In the majority’s view, the EPA should have given a more limited construction to the words “any air pollutant” and found instead that PSD and Title V permitting were not automatically triggered for GHGs by the Tailpipe Rule’s. The Court reconciled its decision with Massachusetts v. EPA, which found that GHGs unambiguously fit within the CAA’s “capacious” definition of “air pollutant,” observing that “Massachusetts does not strip EPA of authority” to apply a narrower understanding of the term “any air pollutant,” where inclusion of GHGs “would be inconsistent with the statutory scheme.” Slip op. at 14.
Separate Majority Upholds Requiring GHG BACT for Anyway Sources
While the majority opinion threw out the Tailoring Rule’s thresholds and the application of PSD permitting based solely on source emissions of GHG, a separate majority of the Court also upheld EPA’s requirement that “anyway sources”—i.e., those that already trigger PSD and Title V permitting by virtue of emissions of conventional pollutants—must meet BACT. Once a source is subject to PSD permitting, the CAA requires that the source be “subject to the best available control technology” for “each pollutant subject to regulation under [the CAA].” 42 U.S.C. §7475(a)(4).
A majority of the Court found that, given the lack of any ambiguity in the scope of the BACT requirement—it applies to “each pollutant subject to regulation under [the CAA]”—Congress’s expectation was clearer and, therefore, it was reasonable for the EPA to require “anyway sources” to meet BACT for GHGs.
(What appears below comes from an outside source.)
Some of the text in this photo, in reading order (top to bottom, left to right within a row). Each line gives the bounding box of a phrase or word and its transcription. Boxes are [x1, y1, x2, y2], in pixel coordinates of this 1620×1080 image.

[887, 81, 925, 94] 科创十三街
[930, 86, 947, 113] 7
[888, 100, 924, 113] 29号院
See slip op. at 27. Although it upheld the EPA’s authority to require GHG BACT for anyway sources, the Court does not uphold the Tailoring Rule’s threshold for what constitutes a “significant” emissions rate triggering the BACT requirement. According to the majority, EPA may require GHG BACT “only if the source emits more than a de minimis amount of greenhouse gases” Id., at 28-29. However, upon promulgating the Tailoring Rule, the EPA expressly said that a truly de minimis amount might be much less than the rule’s 75,000-tpy threshold. Id., at 8 note 3. Thus, at the very least, EPA must now justify this or another, presumably lower threshold as de minimis if it should wish to continue requiring BACT for anyway sources.
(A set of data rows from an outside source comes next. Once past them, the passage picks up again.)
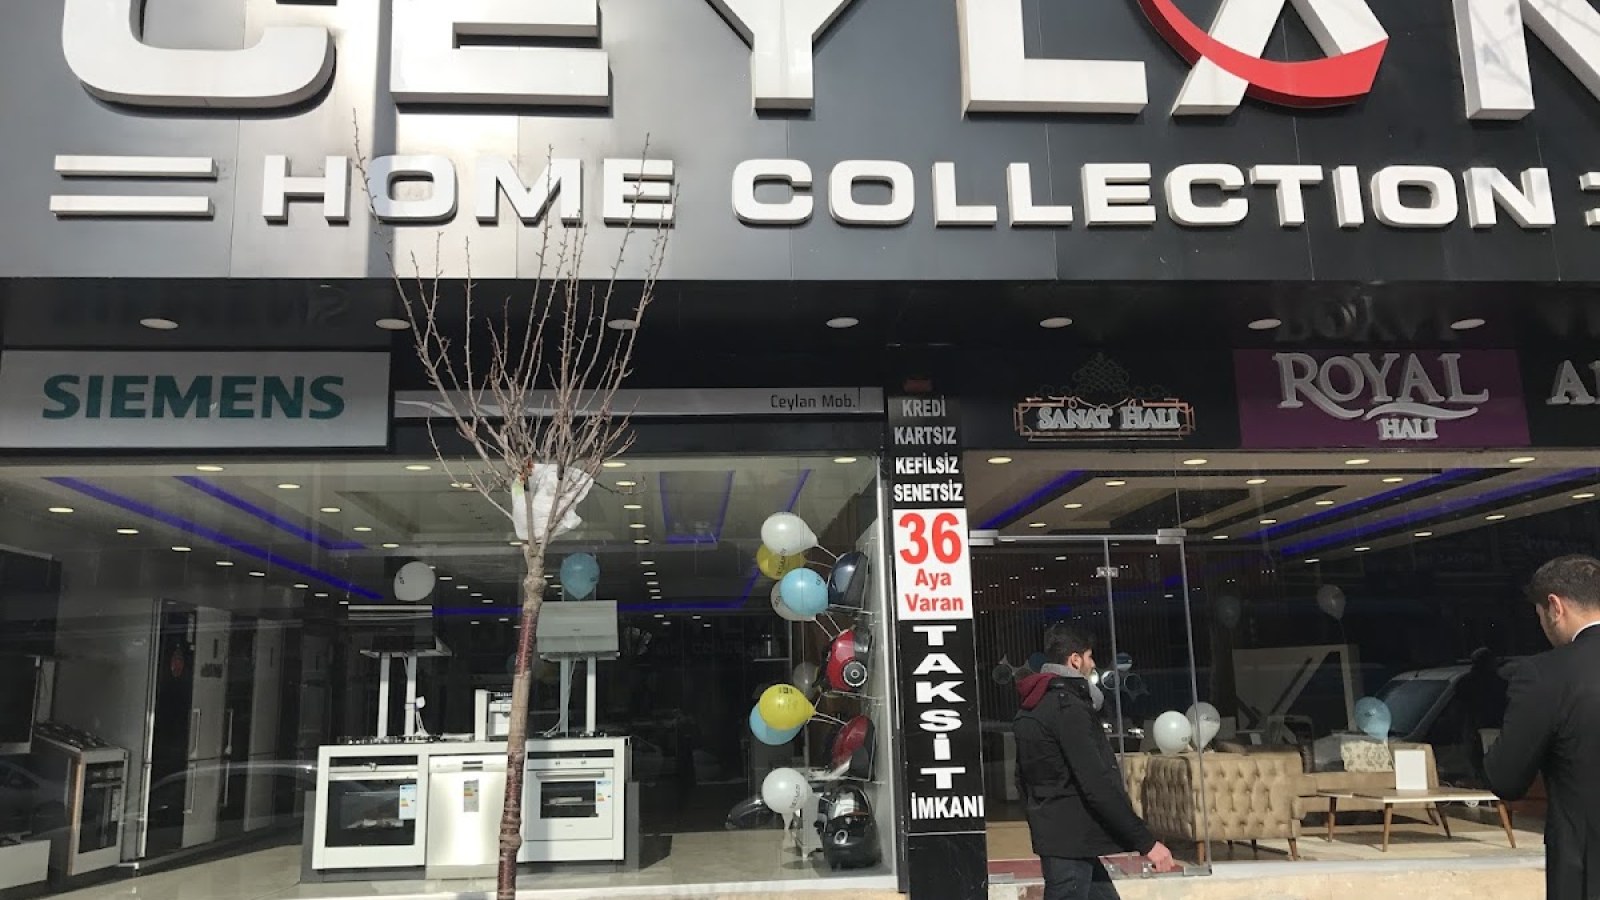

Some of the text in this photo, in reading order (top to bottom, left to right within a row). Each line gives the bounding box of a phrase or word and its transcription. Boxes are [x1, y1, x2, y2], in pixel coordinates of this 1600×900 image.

[262, 154, 1557, 229] HOME COLLECTION
[42, 374, 346, 420] SIEMENS
[1271, 352, 1489, 419] ROYAL
[770, 394, 856, 410] Ceylan Mob.
[902, 395, 946, 417] KREDİ
[1037, 406, 1180, 429] SANAT HALI
[1376, 418, 1438, 440] HALI
[893, 426, 957, 445] KARTSIZ
[895, 452, 959, 475] KEFİLSİZ
[893, 479, 964, 502] SENETSİZ
[899, 512, 962, 564] 36
[915, 568, 952, 590] Aya
[904, 593, 964, 612] Varan
[912, 625, 967, 789] TAKSİT
[911, 792, 985, 820] İMKANI
Importantly, a majority of the Court clearly rejected Justice Alito’s view (in his concurring and dissenting opinion joined by Justice Thomas) that Massachusetts was wrongly decided and GHGs should never have been subject to regulation under the CAA in the first place. According to Justice Scalia’s majority opinion, “[w]e are not talking about extending EPA jurisdiction over millions of previously unregulated entities, but about moderately increasing the demands EPA (or a state permitting authority) can make of entities already subject to its regulation.” See id., at 28. Countering views that requiring BACT for GHGs would be an unwieldy exercise that would lead into examination of the light bulbs used in a facility’s cafeteria, Justice Scalia cites to the experience of one amicus, which has obtained several PSD permits (Calpine Corporation) and observed that, for anyway sources, the GHG analysis was only a small part of the overall permitting process. Id. at 26. For these reasons, the Court was able to distinguish between the term “any air pollutant” for purposes of determining the scope of the permitting obligation in the first instance, and the term “each pollutant subject to regulation” for purposes of determining the scope of the BACT requirement; only in the latter case would it allow EPA to read GHGs as being included.
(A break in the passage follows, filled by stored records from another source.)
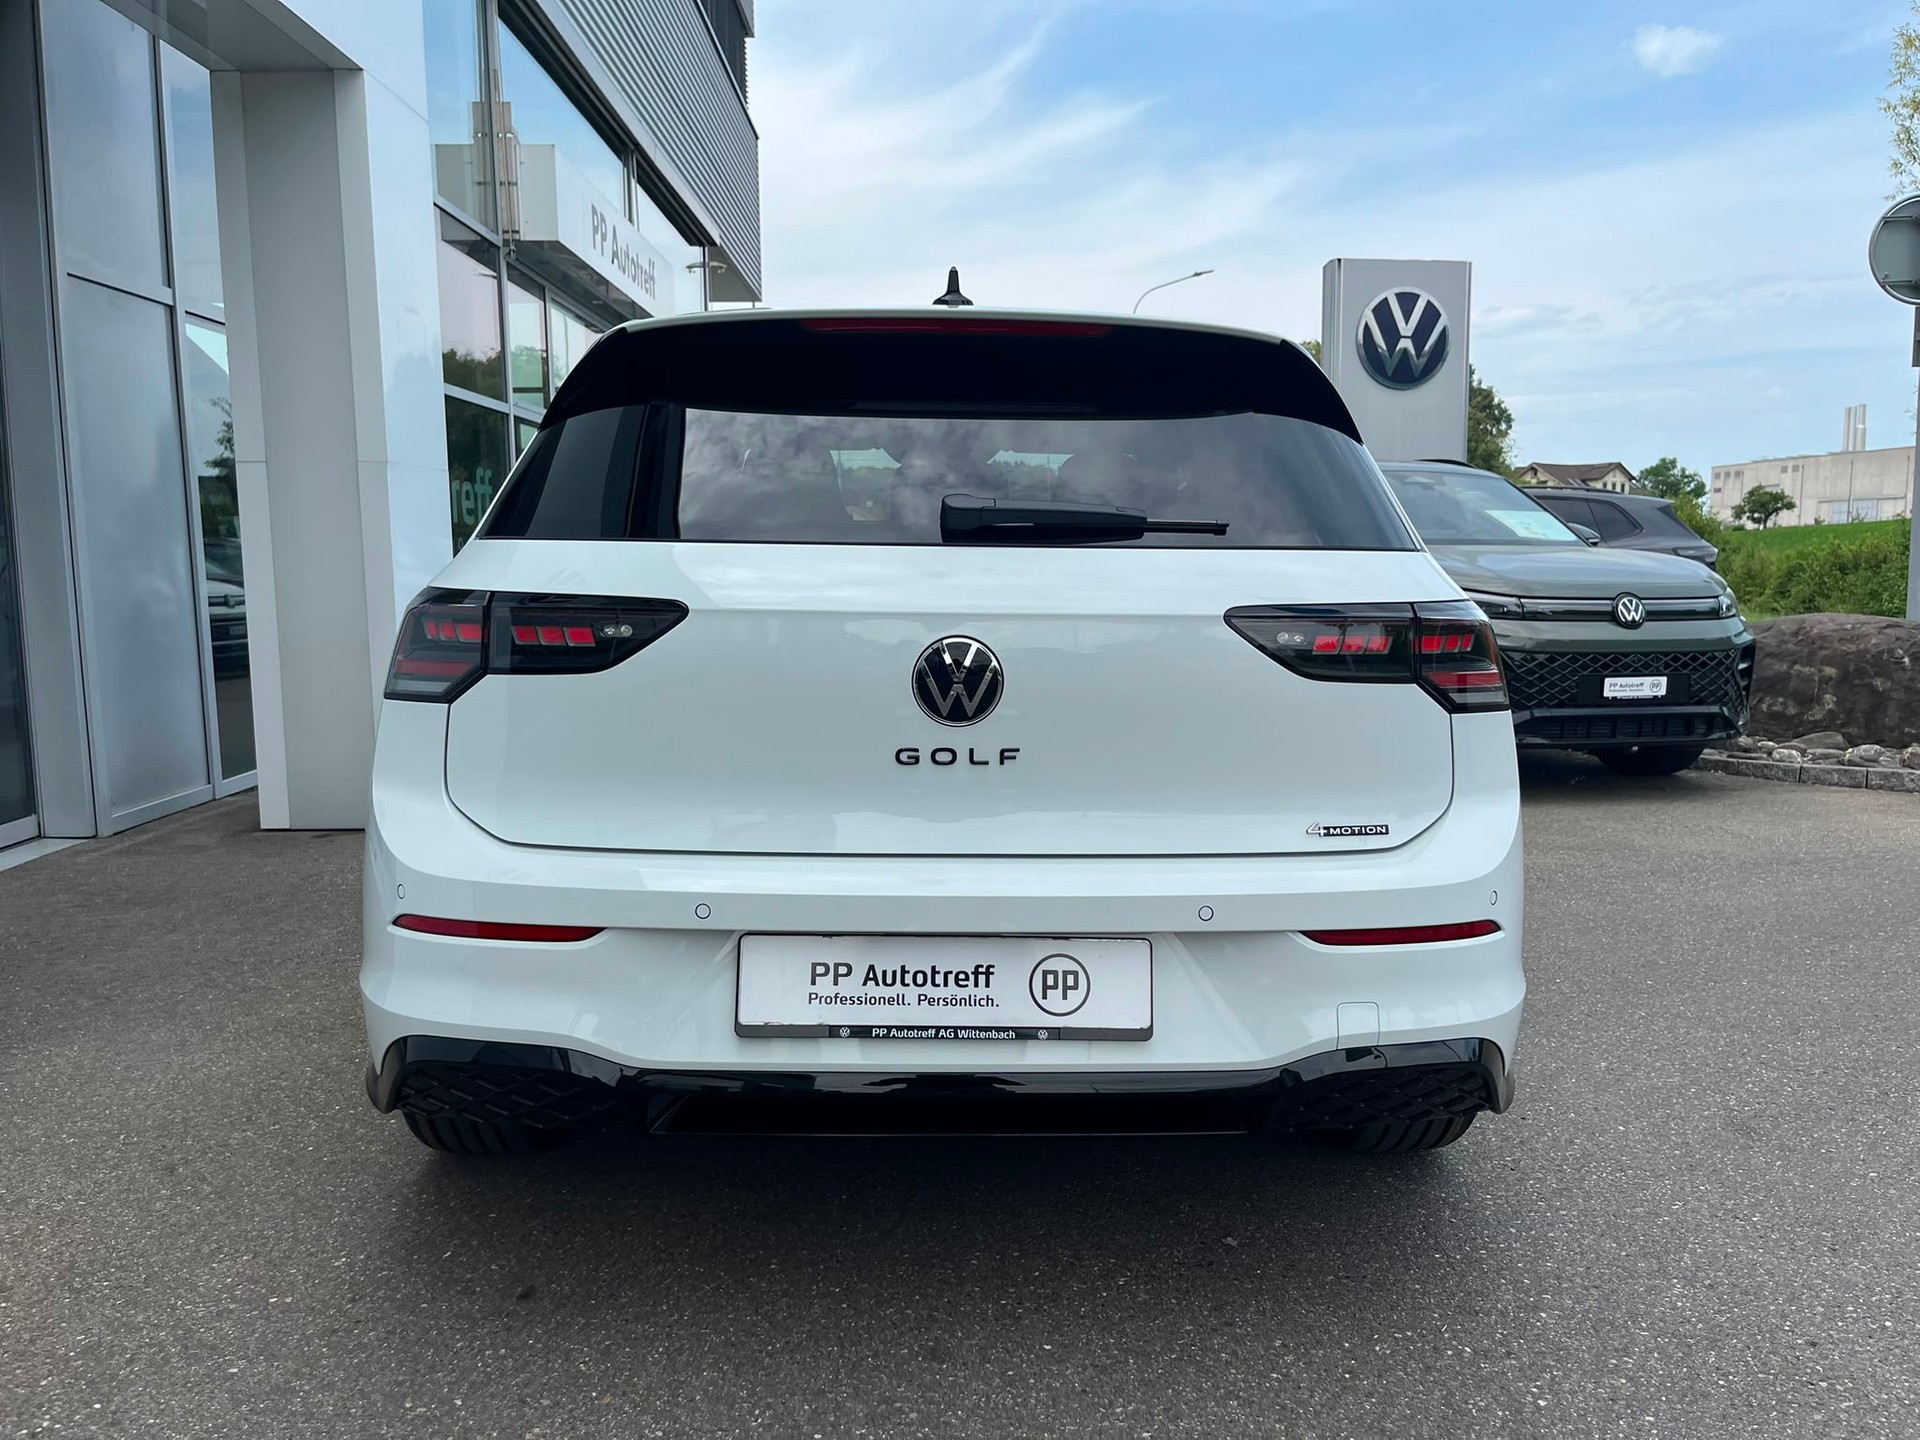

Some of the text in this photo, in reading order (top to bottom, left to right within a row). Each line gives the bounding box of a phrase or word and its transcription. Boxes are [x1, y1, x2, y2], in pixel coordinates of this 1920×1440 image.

[591, 203, 656, 300] PP Autotreff
[895, 747, 1021, 766] GOLF
[1306, 821, 1388, 837] 4MOTION
[810, 962, 996, 989] PP Autotreff
[1041, 969, 1080, 1001] PP
[808, 992, 1000, 1008] Professionell. Persönlich.
[872, 1027, 1016, 1040] PP Autotreff AG Wittenbach
The Court’s decision in this respect evinces its desire to forge a middle ground. The Solicitor General revealed at oral argument that “anyway sources” accounted for 83% of stationary source GHG emissions, whereas the additional coverage afforded through the Tailoring Rule amounted to only 3% more. See slip op. at 12-13. Thus, by preserving the EPA’s authority to require BACT for GHGs from anyway sources, the EPA would presumably still be able to target nearly all the emissions that might otherwise be subject to the BACT requirement, without triggering a cascade of potential permitting obligations for other sources.
Implications
The most immediate impact of the Court’s decision is that many smaller sources, such as gas-fired power plants, which would not require a PSD permits but for their emissions of GHGs, may no longer require such a permit. Additionally, many modifications to existing sources that would result in greater than a 75,000-tpy increase in GHG, but no significant increase of any criteria air pollutant, may no longer be required to obtain PSD permits. Thus, notwithstanding the emphasis placed by the Solicitor General and the Court’s decision on the fact that anyway sources account for 83% of stationary source emissions and all the rest captured by the Tailoring Rule only accounted for 3% more, there may actually be many projects currently in the planning stages, including retrofits to existing coal-fired power plants needed to achieve the EPA’s Mercury and Air Toxics Standards, that will now escape the PSD permitting obligation and the BACT requirement for GHGs.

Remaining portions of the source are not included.